Ces deux grandes représentations de la conscience, traitant d’une part de la matière de la conscience et d’autre part de la conscience de la matière seront abordées dans les deux parties suivantes.

LA MATIÈRE DE LA CONSCIENCE

La conscience chez l’homme et chez les animaux

L’arrogance de l’homme est à la mesure des dégâts écologiques qu’il cause aux différents règnes de la nature, aux écosystèmes et à la planète dans son ensemble. Avec l’émergence de notre société basée sur une vision matérialiste de la science, l’homme s’est cru au-dessus de tout. Et au sommet où il s’était placé, seul lui, ou presque, était conscient, seul lui, aboutissement de la création ou de l’évolution, était intelligent et ainsi, bien supérieur aux animaux et à la nature relégués comme étant de simples objets sans conscience dont il avait la jouissance. Je me souviens de mes cours de biologie où les animaux étaient décrits comme de simples automates réagissant à des stimuli, ce qui était proposé par Descartes (1596-1650). Cette vision excessive est heureusement de plus en plus obsolète. Darwin affirmait pourtant dans ses écrits que les émotions et la conscience nous venaient des animaux. Et enfin, il est aujourd’hui admis que l’homme n’a pas l’apanage de la conscience. Alors ? Qu’est-ce qui distingue principalement l’homme des animaux ? Ne serait-ce pas une caractéristique spécifique de la conscience :

l’auto-conscience ou la connaissance de soi ?

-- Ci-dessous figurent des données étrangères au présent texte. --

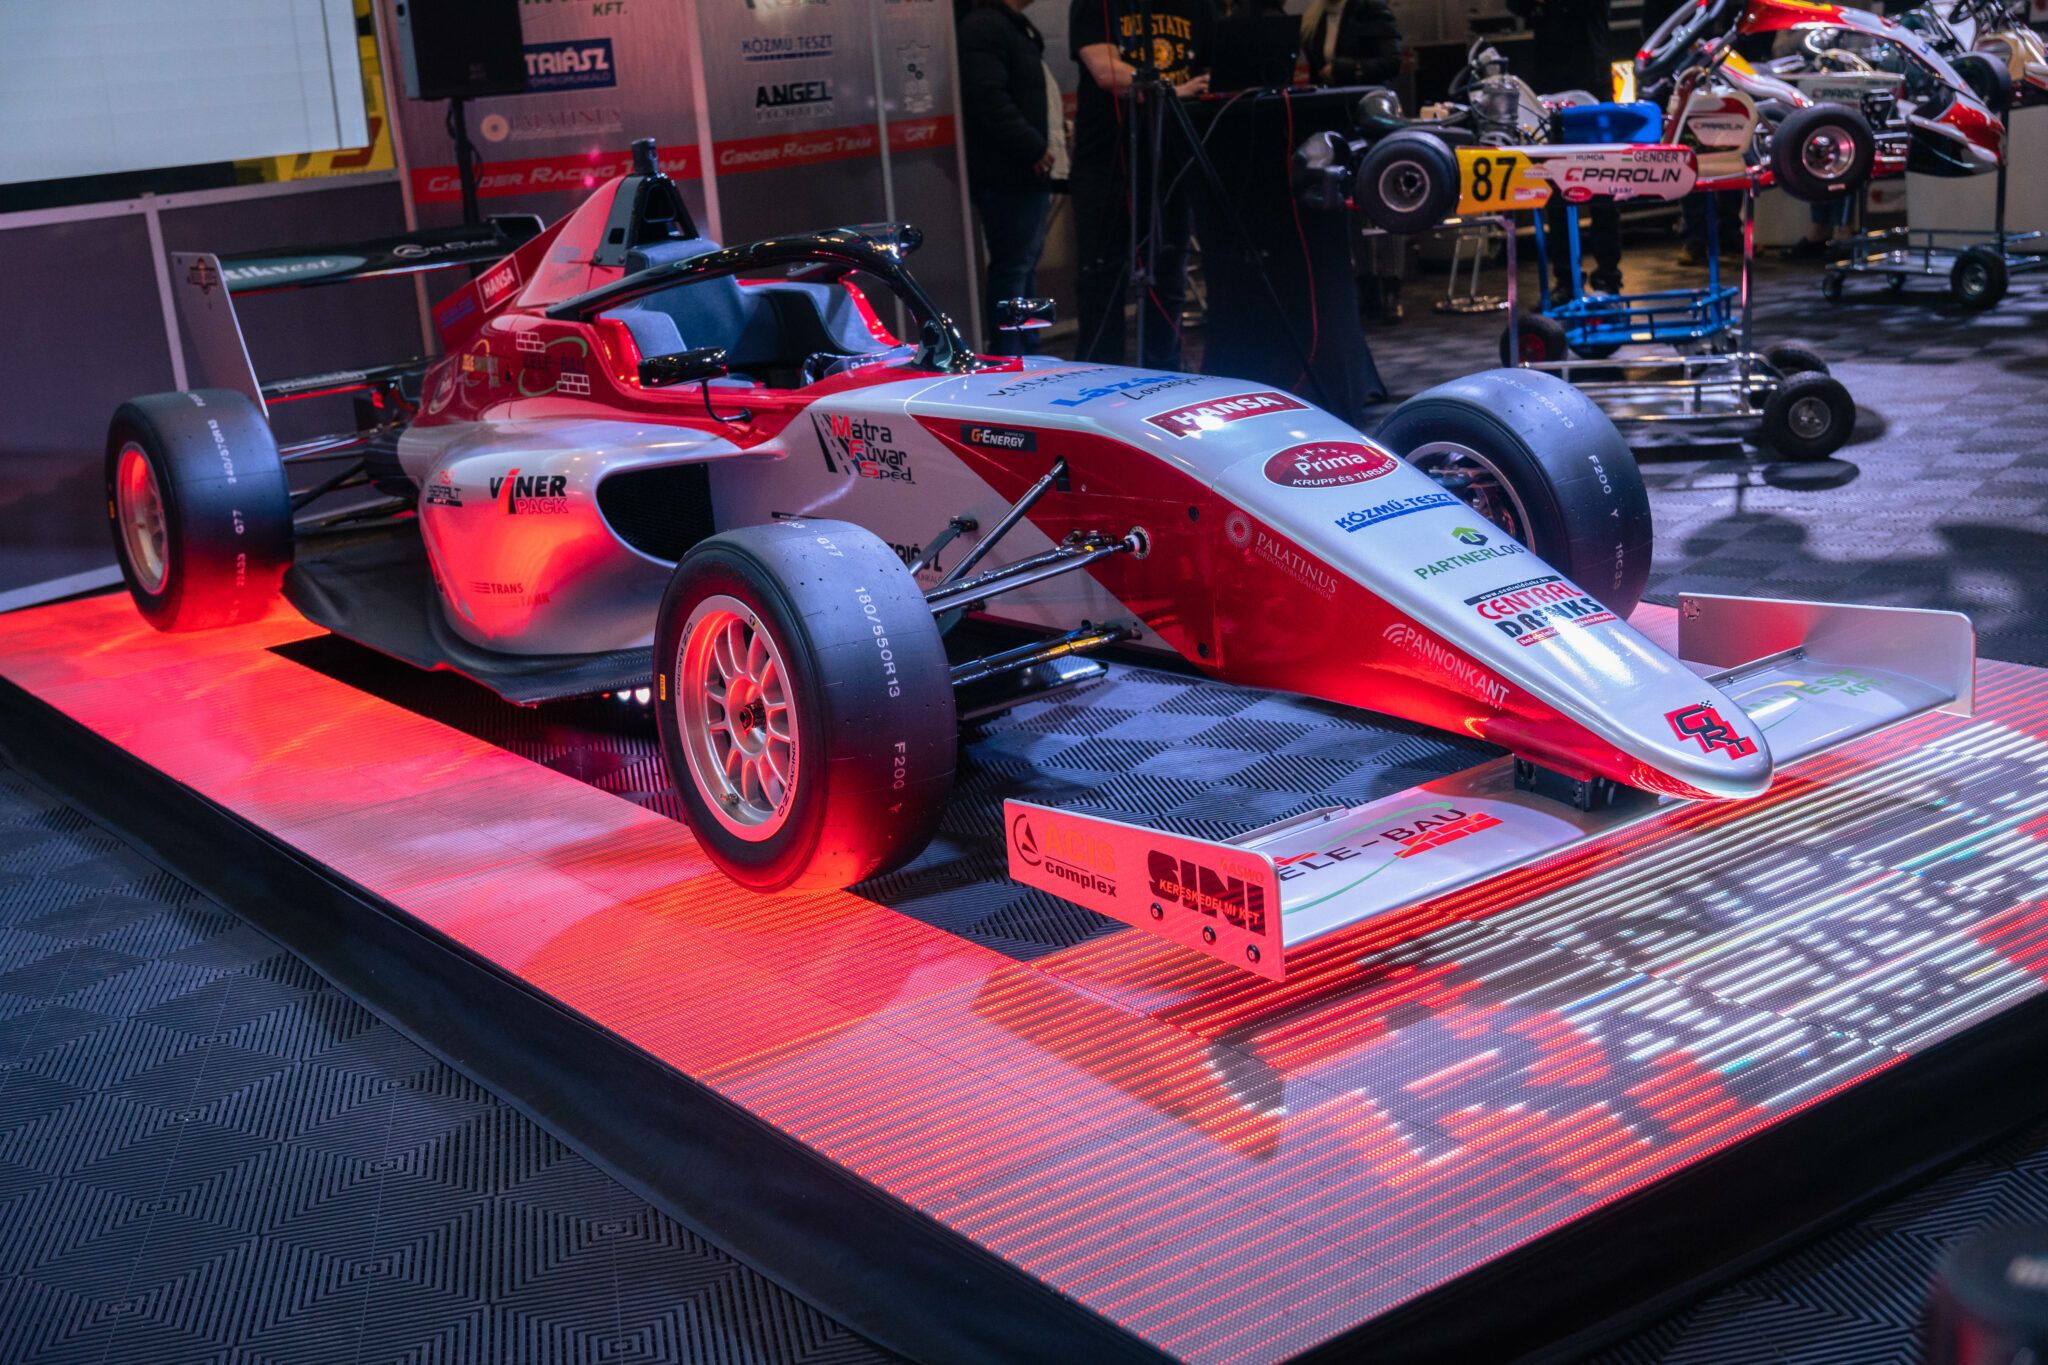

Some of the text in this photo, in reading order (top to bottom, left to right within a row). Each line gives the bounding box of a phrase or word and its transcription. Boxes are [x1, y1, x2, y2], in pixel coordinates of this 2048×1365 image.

[593, 3, 628, 16] KFT.
[755, 81, 833, 108] ANGEL
[1633, 151, 1681, 163] GENDER
[428, 174, 524, 193] GEDER
[621, 159, 686, 178] TAM
[1472, 156, 1517, 202] 87
[482, 267, 515, 299] HANSA
[1170, 395, 1285, 428] HANSA
[861, 460, 913, 482] Sped
[1293, 476, 1337, 486] KRUPP
[1339, 473, 1354, 484] ÉS
[1356, 465, 1386, 480] TÁRSA
[1588, 454, 1613, 495] F200
[1610, 508, 1620, 518] Y
[232, 509, 245, 534] G77
[515, 498, 569, 515] PACK
[817, 537, 844, 558] G77
[1256, 532, 1338, 595] PALATINUS
[1414, 542, 1525, 580] PARTNERLOG
[491, 583, 524, 594] TRANS
[1477, 582, 1584, 620] CENTRAL
[854, 586, 900, 698] 180/550R13
[677, 646, 685, 697] RACING
[1404, 627, 1510, 705] PANNONKANT
[788, 741, 796, 794] RACING
[894, 741, 906, 790] F200
[1044, 823, 1116, 874] ACIS
[1045, 861, 1117, 898] complex
[1148, 850, 1266, 937] SINI
[1159, 879, 1260, 925] KERESKEDELMI KFT

La conscience de soi caractérise le fait que la conscience se retourne sur elle-même et, s’observant, prend conscience de l’être qui la porte. Il devient ainsi auto-conscient. Il peut avoir connaissance de soi et se comprendre, et bien sûr connaître et comprendre un tant soit peu les autres.

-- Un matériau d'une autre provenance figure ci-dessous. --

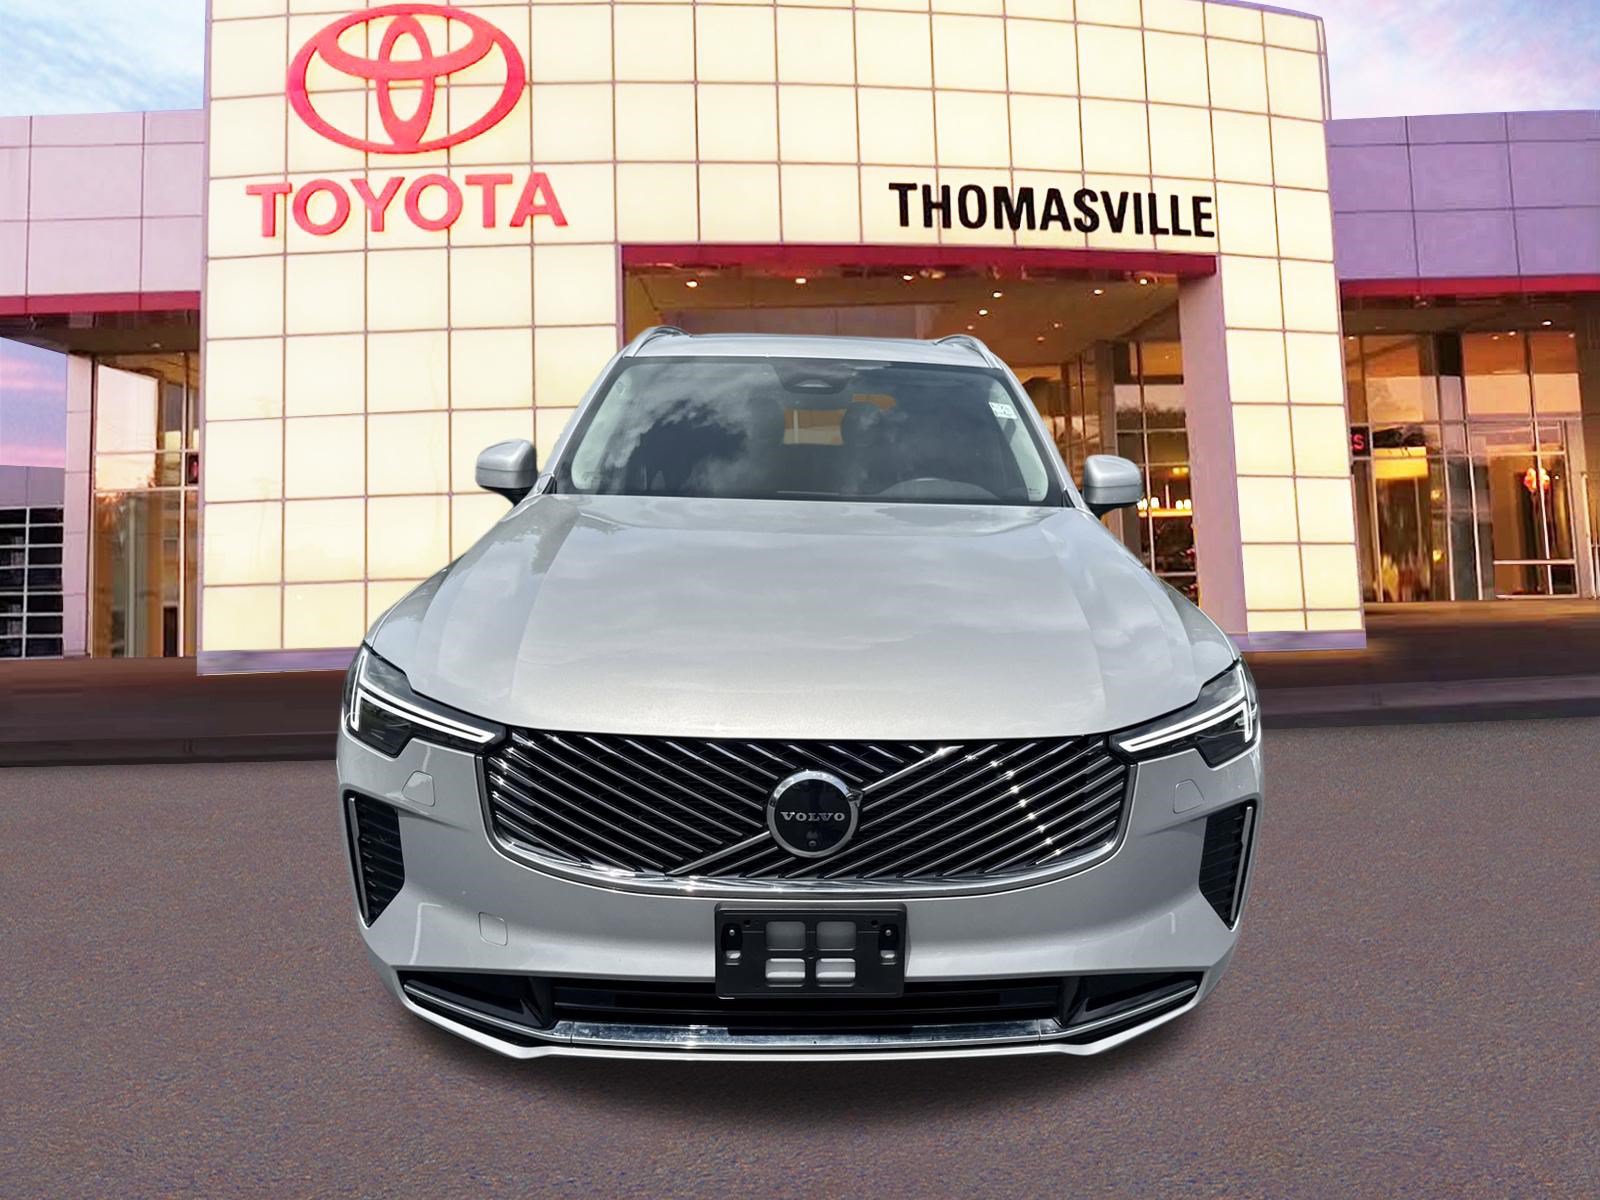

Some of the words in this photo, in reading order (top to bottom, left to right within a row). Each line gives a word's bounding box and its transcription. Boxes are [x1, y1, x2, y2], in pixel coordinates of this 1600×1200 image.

[246, 172, 568, 237] TOYOTA
[889, 182, 1215, 237] THOMASVILLE
[780, 811, 845, 821] VOLVO

L’homme est auto-conscient. Il sait qu’il est et c’est ainsi qu’il peut avoir la possibilité de s’observer consciemment. Le test de la tache et du miroir est un moyen de déterminer la présence de la conscience de soi. Si on vous colle une pastille colorée sur le front quand vous dormez, en vous regardant au réveil dans la glace, vous vous verrez avec la pastille sur le front, et l’enlèverez. Se regarder dans le miroir et y reconnaître sa propre image révèle l’auto-conscience. Chez l’homme, elle se développe à partir de six mois. Mais il est admis aujourd’hui qu’il n’a pas l’apanage de l’auto-conscience. En effet, il s’avère que de nombreux animaux la possèdent également.

Les animaux sont conscients sans nécessairement en avoir conscience. Certains cependant ont développé cette capacité d’auto-conscience. Si vous avez un animal domestique, vous pouvez lui faire passer le test de la tache et du miroir. Au réveil, montrez lui un miroir. S’il se reconnaît dans le miroir, il manifeste la présence d’une auto-conscience et essayera sans doute d’enlever la pastille colorée. Sinon, il réagira comme s’il voyait un de ses congénères dans le miroir sans comprendre que c’est lui qu’il voit en vérité.

Eléphants, dauphins, corbeaux, pies, perroquets, chimpanzés, orangs outans manifestent l’auto-conscience. Et la liste n’est pas exhaustive. L’homme est descendu du trône sur lequel il s’était mis. Qu’est ce qui le distingue alors spécifiquement des animaux ? Son mental élaboré qui analyse et est capable d’observer avec attention, d’élaborer des modèles, de regarder le passé et l’avenir, et donc de faire des projets qu’il peut réaliser. Associé à ce mental, il possède également un langage élaboré qui lui permet d’échanger et de faire des projets avec son groupe. Et tout le monde le sait, l’union fait la force. Mais revenons à la conscience. Est-elle produite par le cerveau que l’on a en commun avec les animaux ? Et si oui, comment ?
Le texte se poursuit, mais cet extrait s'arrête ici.